If you cannot afford a steel training sword, and want something a bit better than a stick to practice with, there is always the wooden waster, widely available and about the same price as the plastic monstrosity. To take those offered by Purpleheart armory as an example: Their plastic “longsword” costs $73, is 124cm, 48.5” long, and weighs 785g, 1.73lb (according to their website. I don’t have any of these things in my possession. You can pay 125 dollars for their type III also). Their (excellent) wooden wasters are $70, and are 120cm (48”) long and weigh about 950g (2.1lb). In terms of mass and dimensions, there is not a lot to choose between them, but in terms of usefulness as a training tool, one has millenia of pedigree, the other has not. One has been used by many of the greatest swordsmen in history, at some stage in their training; the other only by a few modern practitioners.

I am well aware that serious living-history buffs may find my plastic-soled training shoes, modern-pattern mask, and t-shirt-based training uniform equally appalling. I wear historical clothing and footwear for research purposes, but it is not practical for class or teaching when on any given night I may teach five different systems from five different centuries. I apologise for their suffering, and I understand it. But at the end of the day, I care about the swords, I just don’t care about the clothes.

What the argument for plastic boils down to, in the end, is lowering the short-term barriers to entry, especially to freeplay entry. They are an apparent short-cut: but as my grandma used to say, “Short cuts make long delays!”. Proponents of the plastic sword argue along the lines of cost, durability, safety, etc. But there is nothing inherently practical about the Art of Swordsmanship today. If you want self-defence, go train with Rory Miller, Marc MacYoung or someone of that ilk. Neither will recommend studying medieval combat treatises to learn modern self defence. If you want a practical battlefield art, join the army.
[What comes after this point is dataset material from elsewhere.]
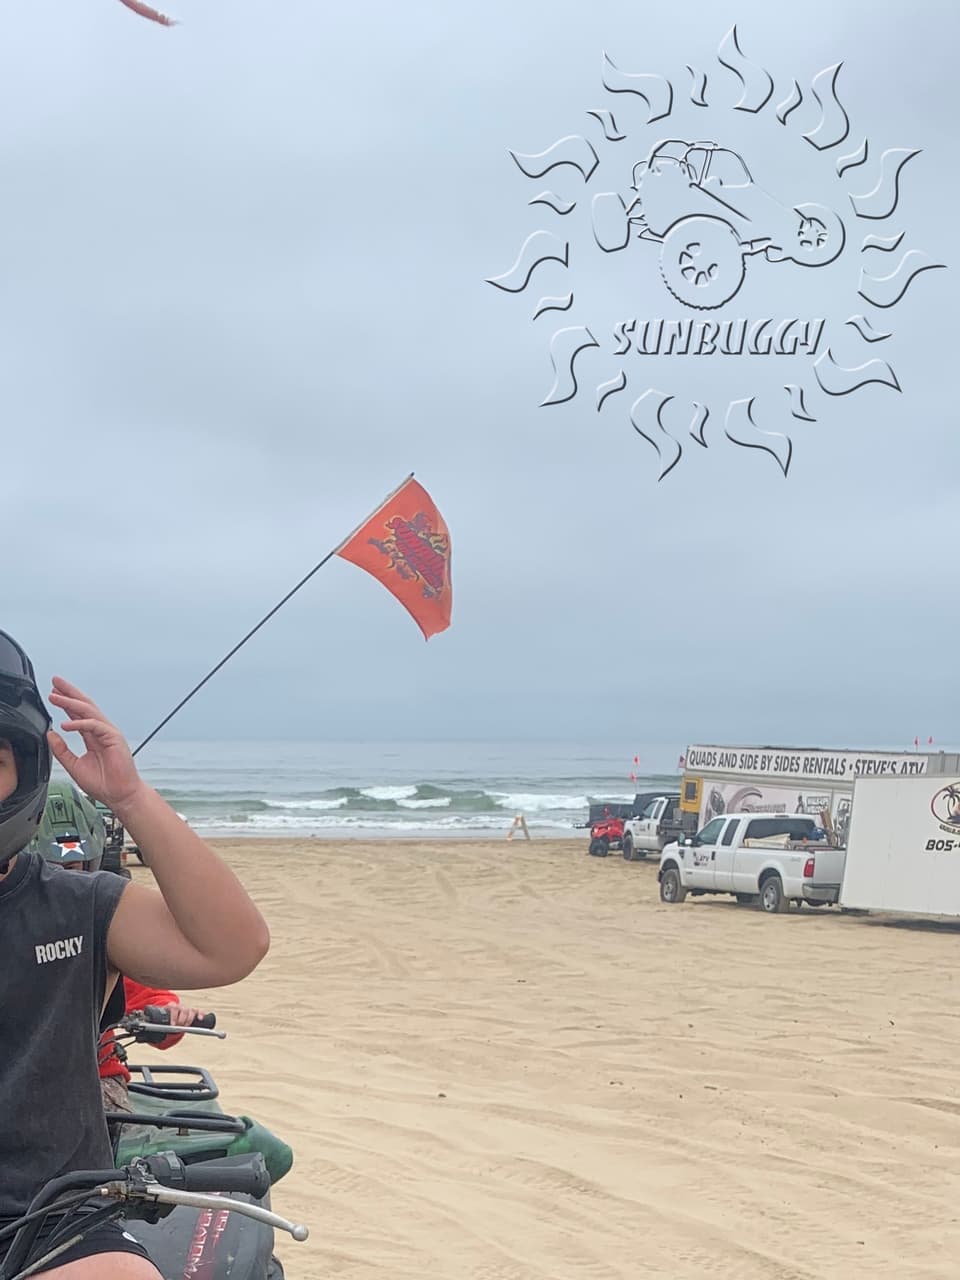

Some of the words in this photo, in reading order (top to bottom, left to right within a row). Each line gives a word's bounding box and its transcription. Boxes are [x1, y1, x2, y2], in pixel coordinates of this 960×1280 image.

The art and practice of historical swordsmanship should not be confused with any kind of modern combat, nor should it ever be reduced to simply playing with swords. It is not easy. It is not for everyone. And it certainly demands a much higher standard of aesthetics and risk management that you can possibly attain to by following the tupperware path. Blunt steel is already a huge compromise, which is why I test all interpretations and most drills with sharps. Plastic is just lazy, offensive, and disgusting.